> _AIM OF THE EXERCISE_:
Return all the data verbatim but without images.

> _RECORD EXCERPTS_:
=-=-=-=-=
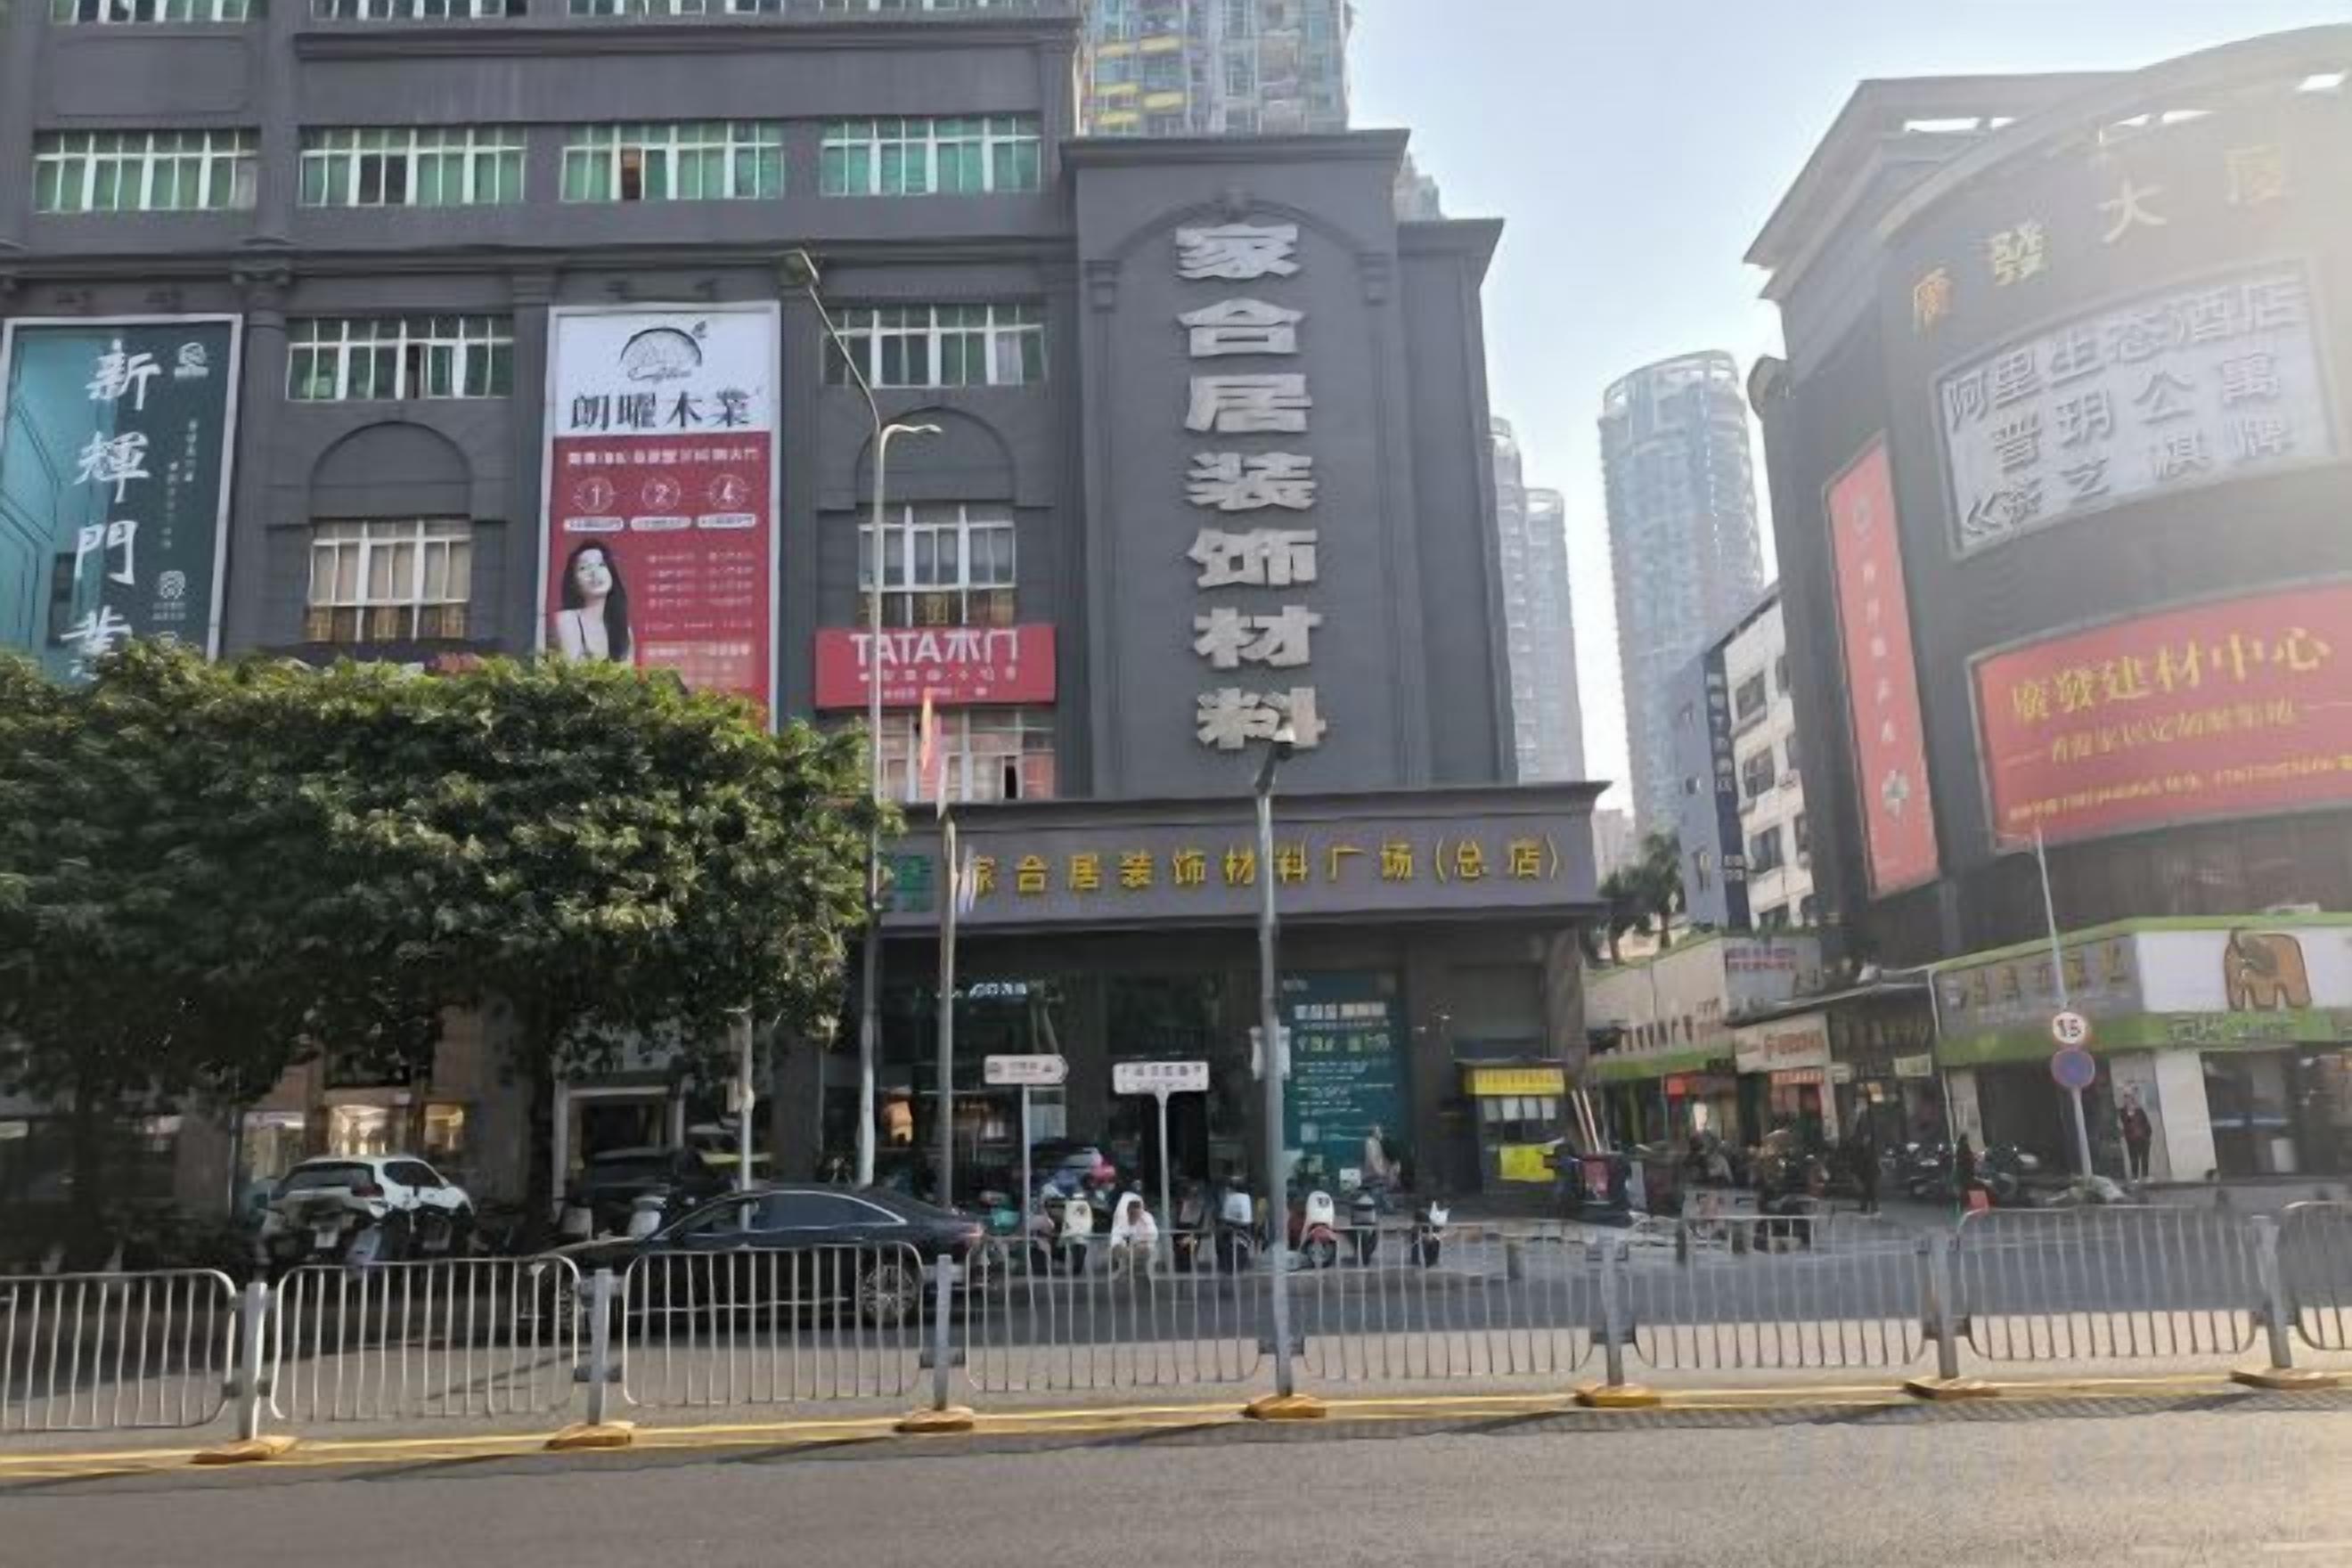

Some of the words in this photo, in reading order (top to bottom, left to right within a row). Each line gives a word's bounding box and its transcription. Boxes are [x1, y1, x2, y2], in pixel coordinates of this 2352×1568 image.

[1175, 223, 1327, 749] 家合居装饰材料
[849, 627, 1017, 666] TATA木门
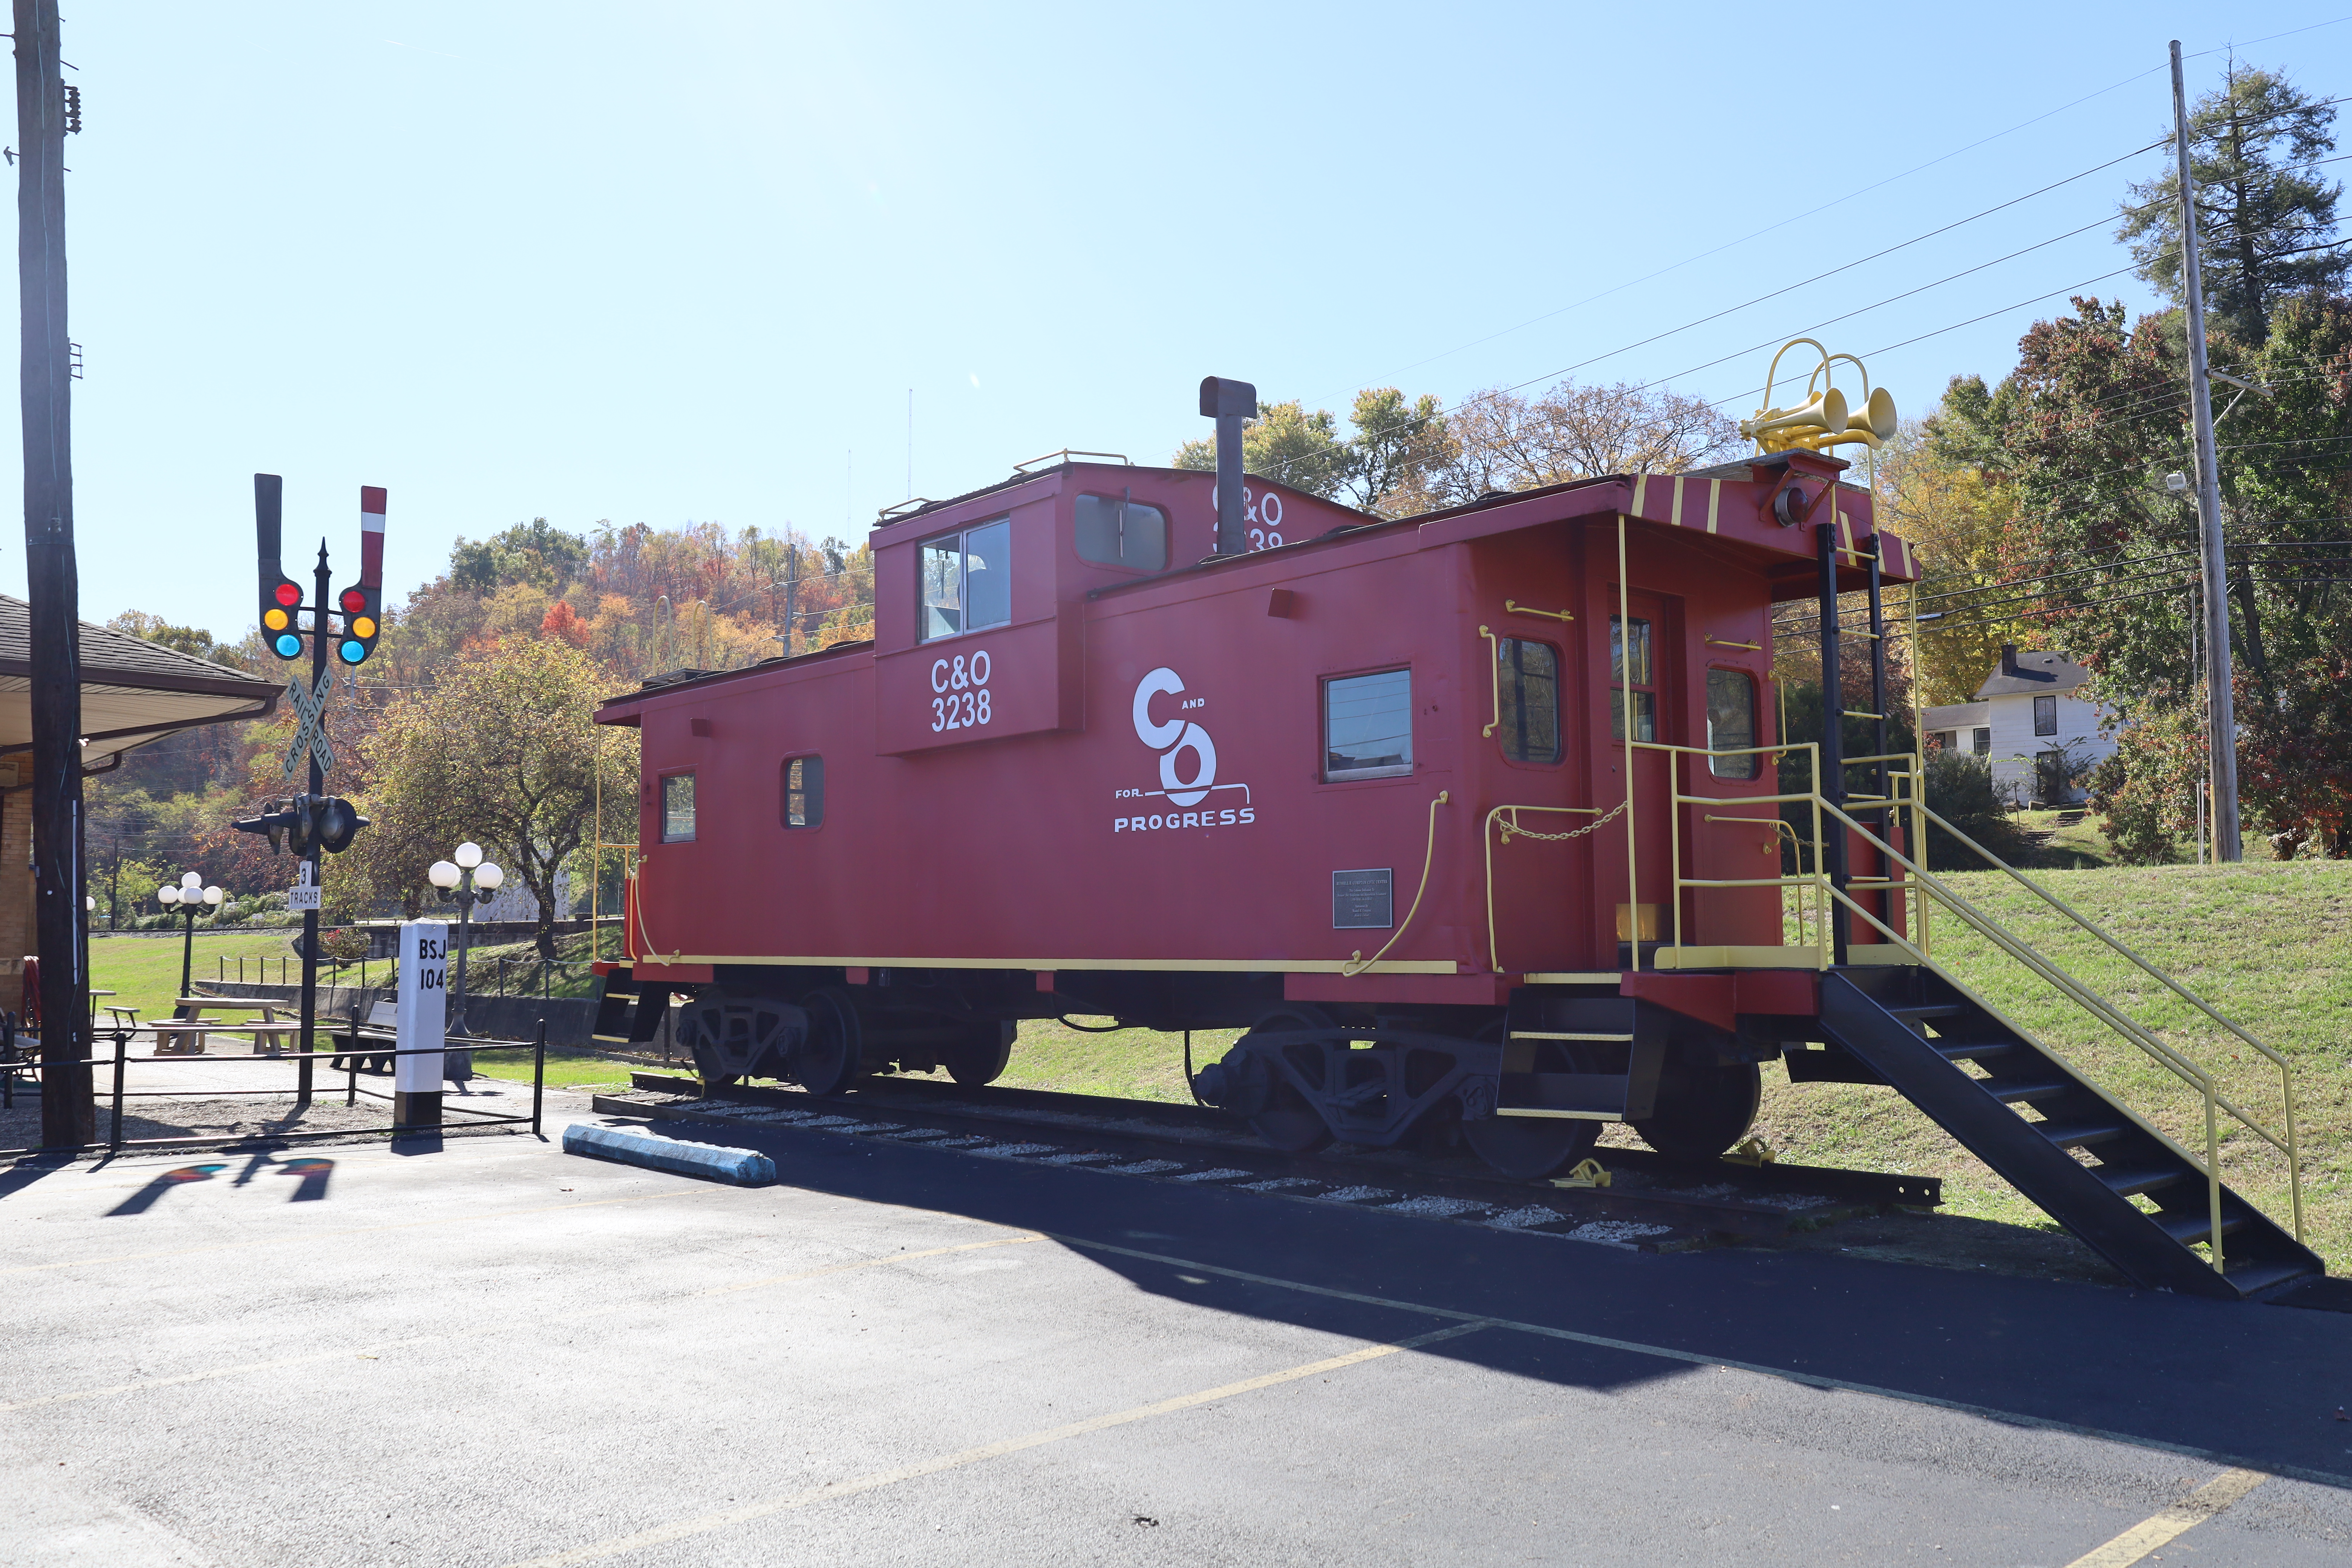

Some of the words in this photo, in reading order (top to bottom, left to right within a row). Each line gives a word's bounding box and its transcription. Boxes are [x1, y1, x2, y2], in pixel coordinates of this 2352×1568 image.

[931, 650, 991, 693] C&O
[932, 689, 991, 732] 3238
[1182, 698, 1205, 709] AND
[286, 675, 329, 773] CROSSING
[1116, 789, 1144, 798] FOR
[1115, 808, 1255, 833] PROGRESS
[302, 868, 306, 884] 3
[291, 891, 317, 904] TRACKS
[420, 939, 446, 960] BSJ
[421, 969, 444, 990] 104
=-=-=-=-=
> _ANSWER TO THE EXERCISE_:
Some of the words in this photo, in reading order (top to bottom, left to right within a row). Each line gives a word's bounding box and its transcription. Boxes are [x1, y1, x2, y2], in pixel coordinates of this 2352×1568 image.

[1175, 223, 1327, 749] 家合居装饰材料
[849, 627, 1017, 666] TATA木门

Some of the words in this photo, in reading order (top to bottom, left to right within a row). Each line gives a word's bounding box and its transcription. Boxes are [x1, y1, x2, y2], in pixel coordinates of this 2352×1568 image.

[931, 650, 991, 693] C&O
[932, 689, 991, 732] 3238
[1182, 698, 1205, 709] AND
[286, 675, 329, 773] CROSSING
[1116, 789, 1144, 798] FOR
[1115, 808, 1255, 833] PROGRESS
[302, 868, 306, 884] 3
[291, 891, 317, 904] TRACKS
[420, 939, 446, 960] BSJ
[421, 969, 444, 990] 104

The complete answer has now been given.